The ISO/IEC 27001 framework establishes guidelines and general principles for initiating, implementing, maintaining, and improving Information Security Management Systems (ISMS). Each security control and objective provided within the standard can be tailored to specific business and regulatory objectives, and assist with maintaining overall compliance. This dashboard provides organizations with information which specifically measures against the compliance standards related to ISO/IEC 27001. The International Organization for Standardization (ISO)  and the International Electrotechnical Commision (IEC) formed the specialized system for worldwide standardization. The Standard specifies the requirements for establishing, implementing, maintaining, and continually improving an information security management system within an organization.  ISO/IEC 27001 is part of the ISO 27000 family of standards that addresses various aspects of information security. 

By following the guidelines and requirements outlined in ISO/IEC 27001 organizations can establish a robust information security management system that helps protect valuable information assets and manage associated risks effectively.  The standard provides a structured framework for continuous improvement in information security practices and resilience against potential threats.

 This dashboard assists organizations in detecting critical severity vulnerabilities, exploitable vulnerabilities, remediation progress, and vulnerability related events. Several components provide information on outstanding vulnerabilities, which security teams can use to target remediation efforts. Indicators will detect exploitable vulnerabilities from common applications, web servers, cloud services, and more.
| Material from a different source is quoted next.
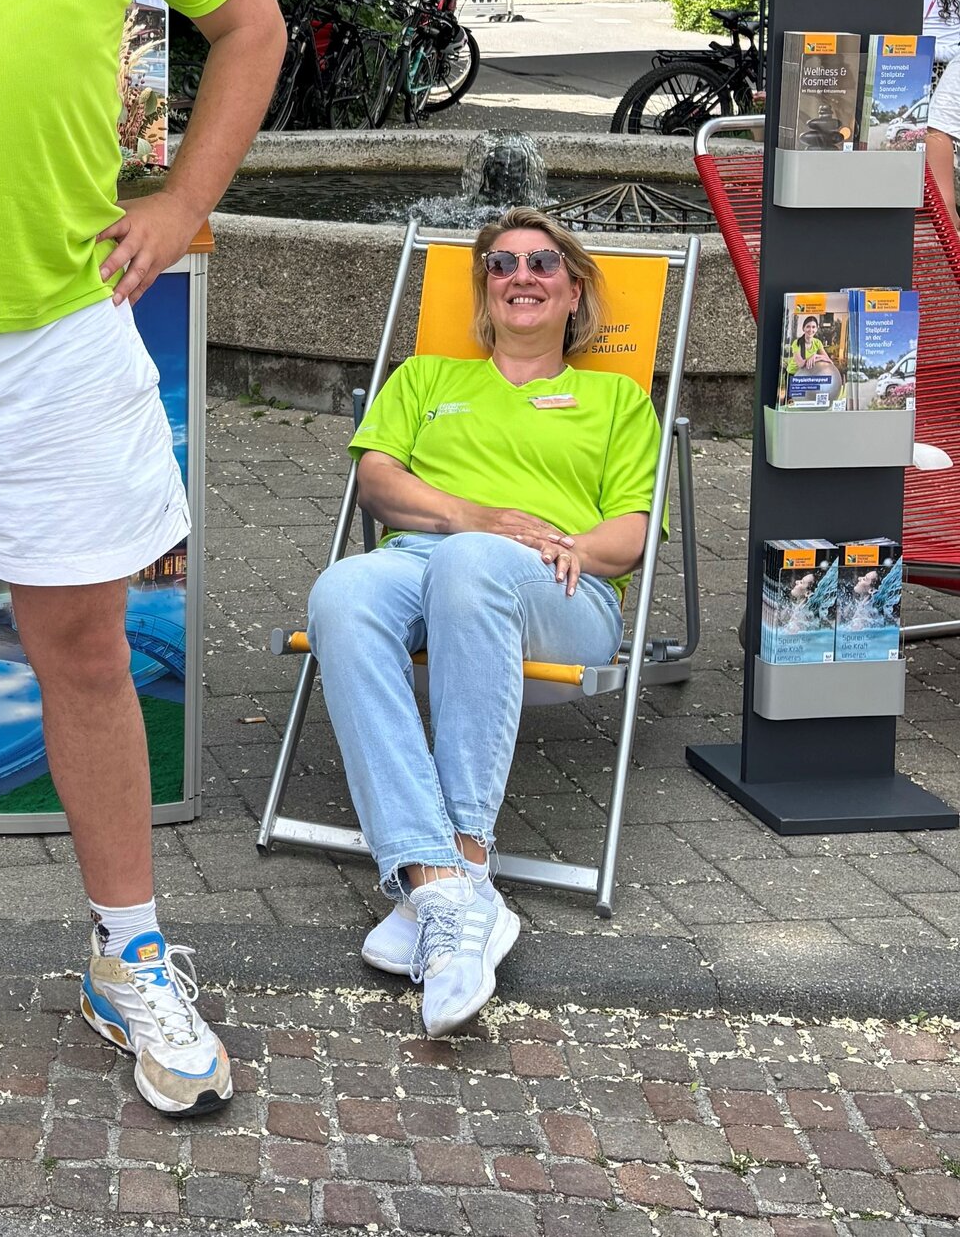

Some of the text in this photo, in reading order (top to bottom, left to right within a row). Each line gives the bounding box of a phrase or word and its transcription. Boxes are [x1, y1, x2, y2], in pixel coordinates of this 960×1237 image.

[803, 67, 847, 76] Wellness &
[802, 77, 838, 86] Kosmetik
[592, 344, 637, 353] SAULGAU
Tenable provides several solutions for organizations to better understand vulnerability management. Security leaders need to SEE everything, PREDICT what matters most and ACT to address cyber risk and effectively align cybersecurity initiatives with business objectives. Tenable Vulnerability Management (formerly Tenable.io) discovers and analyzes assets continuously to provide an accurate and unified view of an organization's security posture. The requirements for this dashboard are: Tenable Vulnerability Management.

Widgets: 

• Framework Result Summary: This chapter summarizes all the families outlined in the
• Control Summary: This chapter provides compliance results for each control family within the compliance standard.
• Audit Check Type Summary: This chapter provides compliance results for hosts within the compliance standard.
• A 6 - Organization of information security: This chapter provides organizations with information which specifically measures against the compliance standards related to ISO/IEC 27001. The vulnerability data presented in this chapter is from annex A6 Organization of Information Security.
• A 8 - Asset management: This chapter provides organizations with information which specifically measures against the compliance standards related to ISO/IEC 27001. The vulnerability data presented in this chapter is from annex A8 Asset Management.
• A 9 - Access control: This chapter provides organizations with information which specifically measures against the compliance standards related to ISO/IEC 27001. The vulnerability data presented in this chapter is from annex A9 Access Control
• A10 - Cryptography: This chapter provides organizations with information which specifically measures against the compliance standards related to ISO/IEC 27001. The vulnerability data presented in this chapter is from A10 Cryptography.
• A11 - Physical and environmental security: This chapter provides organizations with information which specifically measures against the compliance standards related to ISO/IEC 27001. The vulnerability data presented in this chapter is from A11 Physical and environmental security.
• A12 - Operations security: This chapter provides organizations with information which specifically measures against the compliance standards related to ISO/IEC 27001. The vulnerability data presented in this chapter is from A12 Operations security.
• A13 - Communications security: This chapter provides organizations with information which specifically measures against the compliance standards related to ISO/IEC 27001. The vulnerability data presented in this chapter is from A13 Communications security.